Although the excitement level for iPad 2, which probably should be iPad 1.5, is nowhere near the level that it was for the original iPad, the availability of the iPad 2 in stores today generated a notable news cycle. 

What’s also notable is the complete dearth of anything remotely credible as a competitive tablet, as the AP’s coverage emphasized, noting:

Competitors such as Motorola Mobility Holdings Inc. can’t seem to match the iPad’s starting price of $499. Tablets that are comparable to the iPad in features cost hundreds of dollars more, while cheaper tablets are inferior to the iPad in quality.

I’m beyond baffled by this given that the PC and mobile phone boys have had plenty of time to simply follow Apple’s example of what a tablet should look like.  Microsoft says it won’t ship a tablet until 2012 which, given MSFT’s track record of late, will be more like 2014.

In the meantime, the iPad is plenty good, with Gartner expecting 65 million tablets (mostly iPads obviously) to be sold worldwide this year.  They’ve even gone so far as to predict a decline of PC sales in the face of the table onslaught.


As tablets reach critical mass, how will they impact the way we in PR and communications do our jobs?

Unlike laptops that are too clunky and smartphones that are too small, iPads let people consume digital media in all forms – eMagazines, news, radio, social media, video, music – anytime and anyplace.

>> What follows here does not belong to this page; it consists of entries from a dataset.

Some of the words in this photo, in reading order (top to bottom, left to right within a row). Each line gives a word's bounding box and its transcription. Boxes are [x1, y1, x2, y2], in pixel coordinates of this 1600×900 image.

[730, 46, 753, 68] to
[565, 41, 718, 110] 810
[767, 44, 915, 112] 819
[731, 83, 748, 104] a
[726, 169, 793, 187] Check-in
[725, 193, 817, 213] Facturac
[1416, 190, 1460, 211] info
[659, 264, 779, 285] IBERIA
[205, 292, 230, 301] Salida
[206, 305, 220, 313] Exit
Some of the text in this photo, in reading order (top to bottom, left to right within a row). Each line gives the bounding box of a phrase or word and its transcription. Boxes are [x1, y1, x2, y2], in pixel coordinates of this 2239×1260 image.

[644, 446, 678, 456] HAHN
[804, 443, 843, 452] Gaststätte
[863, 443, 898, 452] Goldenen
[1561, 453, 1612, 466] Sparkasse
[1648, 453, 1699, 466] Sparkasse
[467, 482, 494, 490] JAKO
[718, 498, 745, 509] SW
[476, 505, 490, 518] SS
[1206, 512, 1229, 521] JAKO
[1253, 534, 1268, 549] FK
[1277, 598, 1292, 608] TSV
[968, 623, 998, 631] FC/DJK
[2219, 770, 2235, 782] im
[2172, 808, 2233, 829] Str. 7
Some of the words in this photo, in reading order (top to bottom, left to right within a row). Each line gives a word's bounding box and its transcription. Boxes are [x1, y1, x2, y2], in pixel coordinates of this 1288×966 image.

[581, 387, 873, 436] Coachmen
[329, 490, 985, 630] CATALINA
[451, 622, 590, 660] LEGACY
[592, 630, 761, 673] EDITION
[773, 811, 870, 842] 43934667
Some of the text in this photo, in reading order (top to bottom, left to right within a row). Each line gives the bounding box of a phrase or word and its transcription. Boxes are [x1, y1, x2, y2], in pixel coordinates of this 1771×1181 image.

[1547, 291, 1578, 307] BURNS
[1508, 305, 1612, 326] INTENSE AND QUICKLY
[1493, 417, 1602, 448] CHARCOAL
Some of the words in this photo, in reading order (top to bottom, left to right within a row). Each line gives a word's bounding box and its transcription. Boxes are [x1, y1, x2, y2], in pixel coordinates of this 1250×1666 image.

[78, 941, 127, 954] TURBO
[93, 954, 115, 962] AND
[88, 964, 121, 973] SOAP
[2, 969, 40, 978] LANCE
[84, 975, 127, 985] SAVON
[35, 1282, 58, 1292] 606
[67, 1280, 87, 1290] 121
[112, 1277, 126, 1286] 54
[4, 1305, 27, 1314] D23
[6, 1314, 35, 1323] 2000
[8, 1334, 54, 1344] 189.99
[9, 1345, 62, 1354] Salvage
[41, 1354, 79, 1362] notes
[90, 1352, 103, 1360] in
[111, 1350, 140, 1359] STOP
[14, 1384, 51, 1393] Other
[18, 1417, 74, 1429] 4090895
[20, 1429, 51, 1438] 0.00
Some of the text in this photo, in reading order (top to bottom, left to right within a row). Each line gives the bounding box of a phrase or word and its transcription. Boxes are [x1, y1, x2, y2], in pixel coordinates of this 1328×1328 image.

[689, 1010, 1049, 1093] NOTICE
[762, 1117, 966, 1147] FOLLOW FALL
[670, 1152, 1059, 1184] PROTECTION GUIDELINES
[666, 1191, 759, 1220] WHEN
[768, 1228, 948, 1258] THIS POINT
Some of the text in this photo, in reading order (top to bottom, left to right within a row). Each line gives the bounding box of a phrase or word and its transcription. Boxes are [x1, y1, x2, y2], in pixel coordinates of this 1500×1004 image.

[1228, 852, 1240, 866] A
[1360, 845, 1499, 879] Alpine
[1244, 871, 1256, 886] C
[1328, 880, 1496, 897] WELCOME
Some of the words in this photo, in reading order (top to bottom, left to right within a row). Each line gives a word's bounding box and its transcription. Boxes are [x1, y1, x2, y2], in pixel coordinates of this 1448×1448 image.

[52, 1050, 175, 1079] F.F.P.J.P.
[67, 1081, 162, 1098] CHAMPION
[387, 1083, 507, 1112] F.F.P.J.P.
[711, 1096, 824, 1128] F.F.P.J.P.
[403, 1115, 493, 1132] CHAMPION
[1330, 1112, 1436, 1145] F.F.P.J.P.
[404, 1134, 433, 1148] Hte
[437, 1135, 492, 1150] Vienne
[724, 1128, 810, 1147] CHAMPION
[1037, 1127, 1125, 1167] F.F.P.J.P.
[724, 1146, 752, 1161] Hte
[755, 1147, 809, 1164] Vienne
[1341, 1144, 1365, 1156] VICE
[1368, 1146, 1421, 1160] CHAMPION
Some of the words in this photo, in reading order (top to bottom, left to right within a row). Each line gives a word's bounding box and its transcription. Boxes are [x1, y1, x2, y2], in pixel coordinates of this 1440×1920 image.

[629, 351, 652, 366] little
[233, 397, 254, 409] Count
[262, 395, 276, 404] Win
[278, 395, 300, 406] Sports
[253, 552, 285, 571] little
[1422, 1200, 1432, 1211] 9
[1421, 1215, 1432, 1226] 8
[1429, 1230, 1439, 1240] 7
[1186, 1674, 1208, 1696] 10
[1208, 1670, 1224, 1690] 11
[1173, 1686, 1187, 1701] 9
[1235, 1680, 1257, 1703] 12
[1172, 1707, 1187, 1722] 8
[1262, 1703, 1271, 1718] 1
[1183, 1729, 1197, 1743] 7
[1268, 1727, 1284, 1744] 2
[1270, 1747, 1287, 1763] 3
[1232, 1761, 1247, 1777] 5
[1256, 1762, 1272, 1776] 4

Worries about battery life or connectivity are fading fast.  

And while the emphasis is on digital media, many argue that there will be room for more in-depth content such as books and thoughtful articles.  As the success of the Kindle demonstrates, people are comfortable reading thousands of words on their tablets.  What’s more , the tablet can help bring in-depth content to life with videos or slide shows and interactive demos.

For those of us fretting over the demise of daily newspaper and the perceived collapse of journalism, the rise of the tablet is a godsend.  Most likely it will lead to a population of consumers and customers that is better read and more informed than those of us addicted to newsprint.  (I admit, I still get a paper delivered to my door; can’t get over that just yet.)

Overtime, the rise of tablets will lead to a much more successful and healthy news media as business models and licensing issues get sorted out.  This in turn helps those of us in the PR, and will force us to become adept at the art of cranking out digital media content quickly and cost effectively. I can see the day when almost every press release includes a video element, not just the photos we provide today.

Thanks to Steve Jobs, a much improved way to consume digital media is here to stay. To Microsoft, Google, Motorola, et al, come on, get your act together!